## Work required
From the line containing "this 1600×1153 image." onward, every line of the entries is to be set down exactly, the last line included.
□ □ □
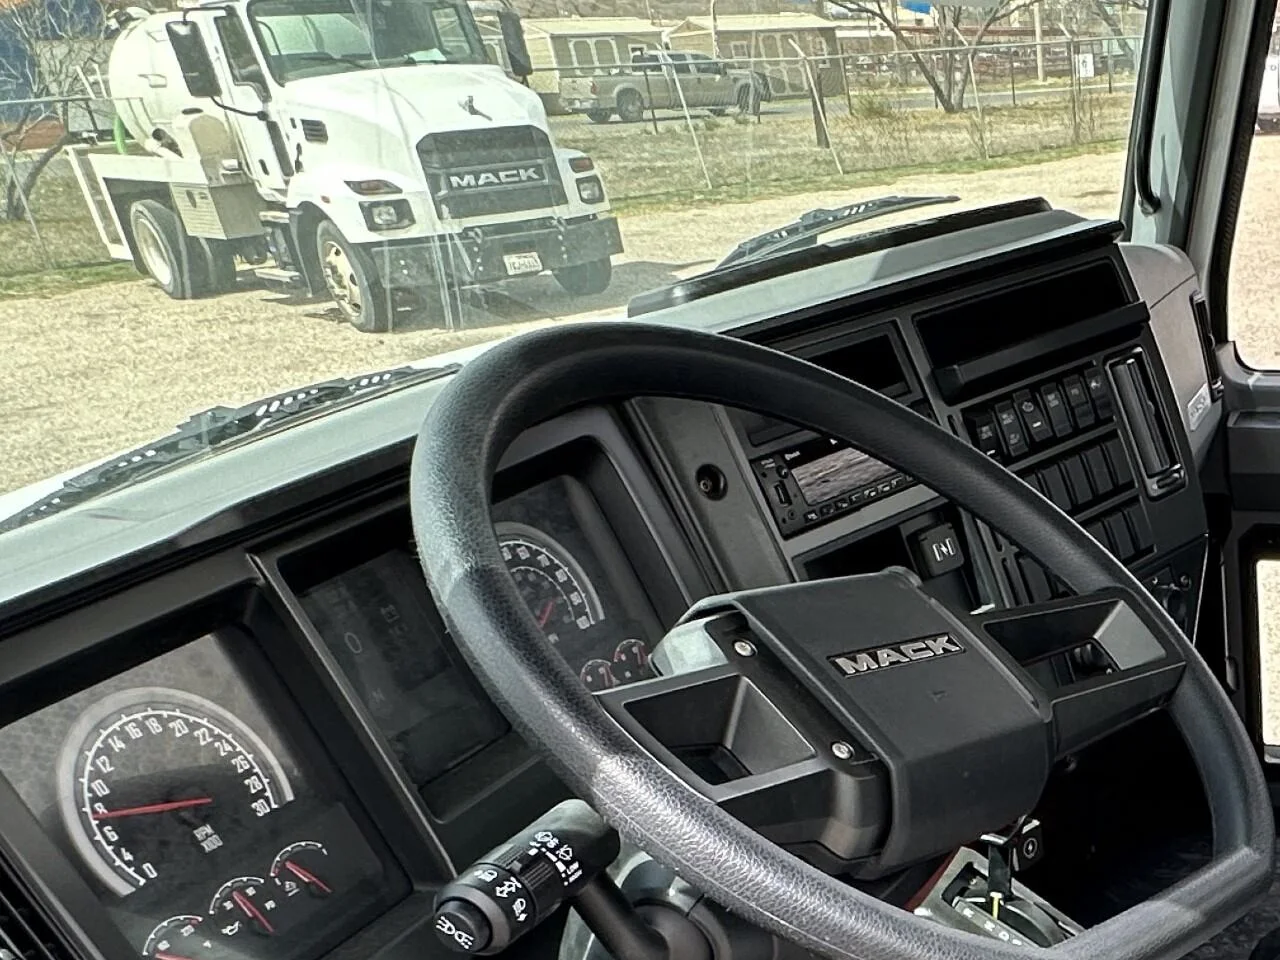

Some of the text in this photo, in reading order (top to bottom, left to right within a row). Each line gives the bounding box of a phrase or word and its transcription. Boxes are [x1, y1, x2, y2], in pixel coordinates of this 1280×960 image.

[449, 167, 540, 188] MACK
[835, 635, 961, 675] MACK
[125, 722, 143, 740] 16
[145, 717, 163, 735] 18
[168, 719, 189, 738] 20
[108, 735, 126, 753] 14
[193, 727, 214, 746] 22
[214, 739, 234, 756] 24
[96, 755, 115, 774] 12
[231, 755, 250, 773] 26
[91, 779, 110, 797] 10
[244, 775, 263, 794] 28
[251, 799, 271, 817] 30
[103, 825, 119, 842] 6
[121, 847, 134, 862] 4
[142, 862, 158, 879] 0
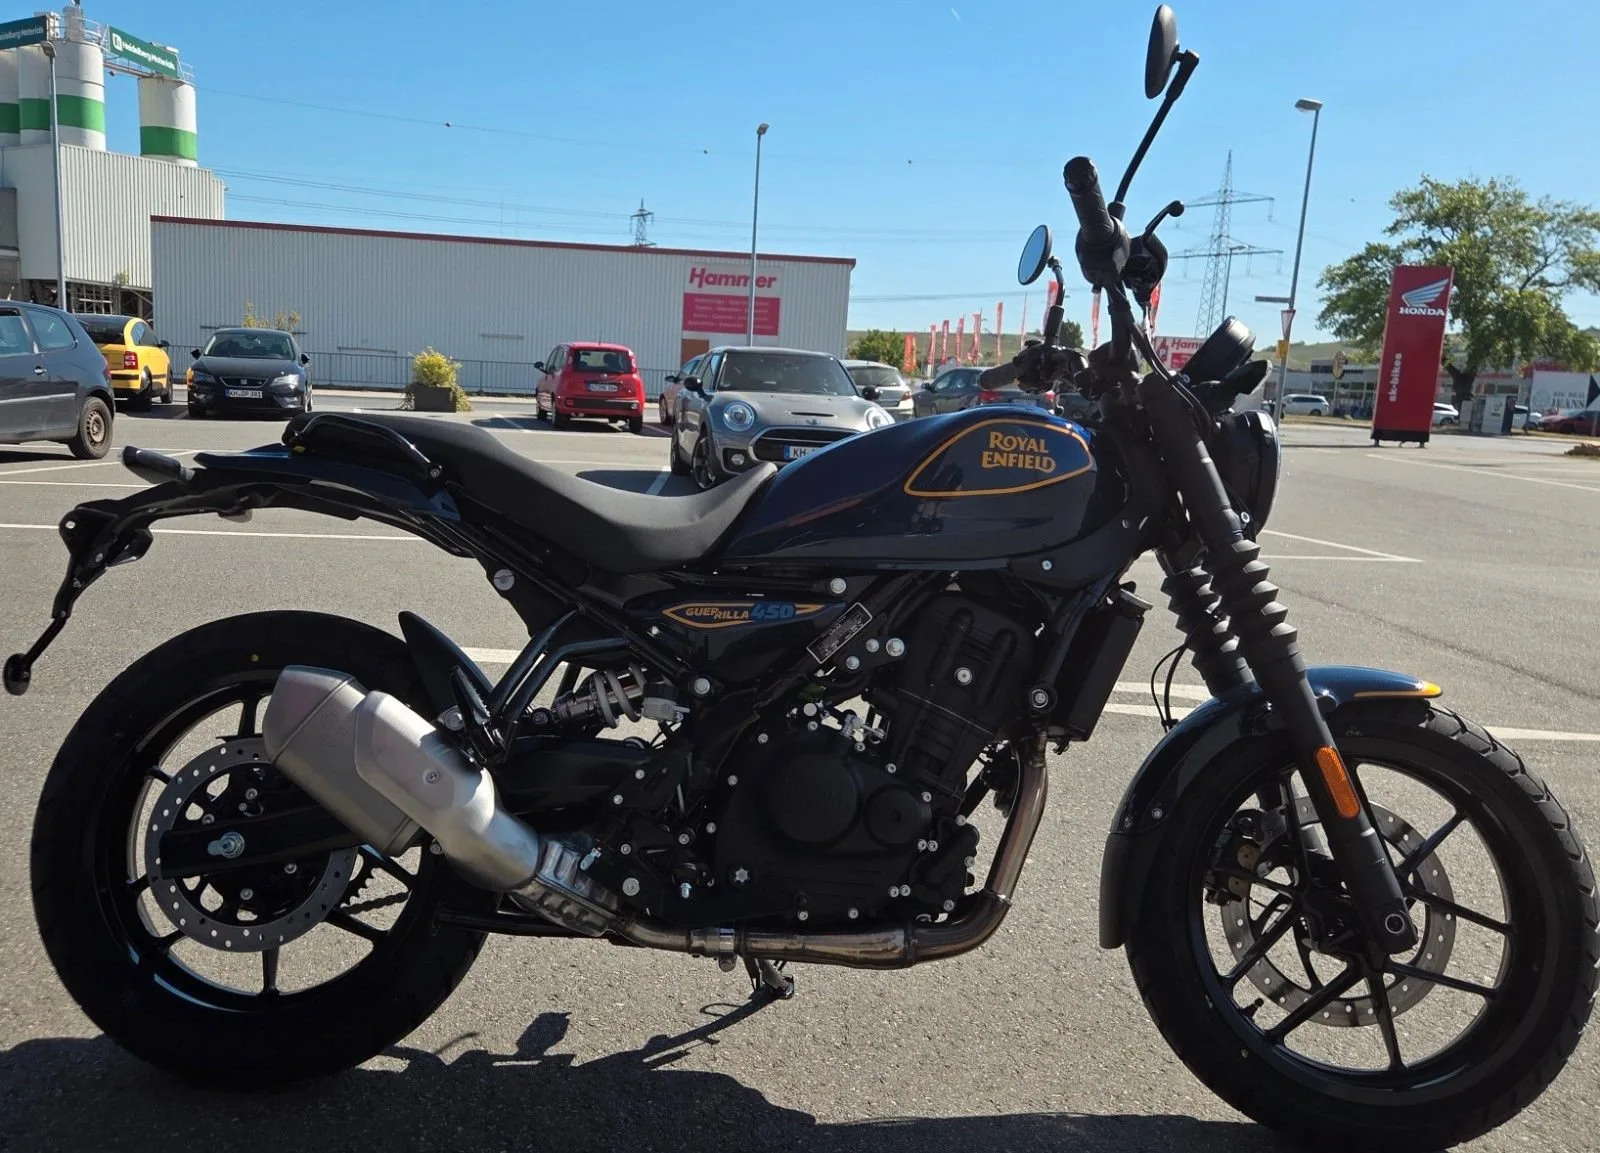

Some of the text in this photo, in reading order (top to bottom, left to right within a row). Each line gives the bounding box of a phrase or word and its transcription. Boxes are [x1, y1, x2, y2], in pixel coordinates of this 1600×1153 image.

[689, 267, 777, 288] Hammer
[1399, 307, 1445, 316] HONDA
[1170, 338, 1204, 350] Ham
[989, 431, 1049, 453] ROYAL
[981, 451, 1057, 474] ENFIELD
[685, 604, 795, 620] GUERRILLA 450
□ □ □
## Response area
Some of the text in this photo, in reading order (top to bottom, left to right within a row). Each line gives the bounding box of a phrase or word and its transcription. Boxes are [x1, y1, x2, y2], in pixel coordinates of this 1600×1153 image.

[689, 267, 777, 288] Hammer
[1399, 307, 1445, 316] HONDA
[1170, 338, 1204, 350] Ham
[989, 431, 1049, 453] ROYAL
[981, 451, 1057, 474] ENFIELD
[685, 604, 795, 620] GUERRILLA 450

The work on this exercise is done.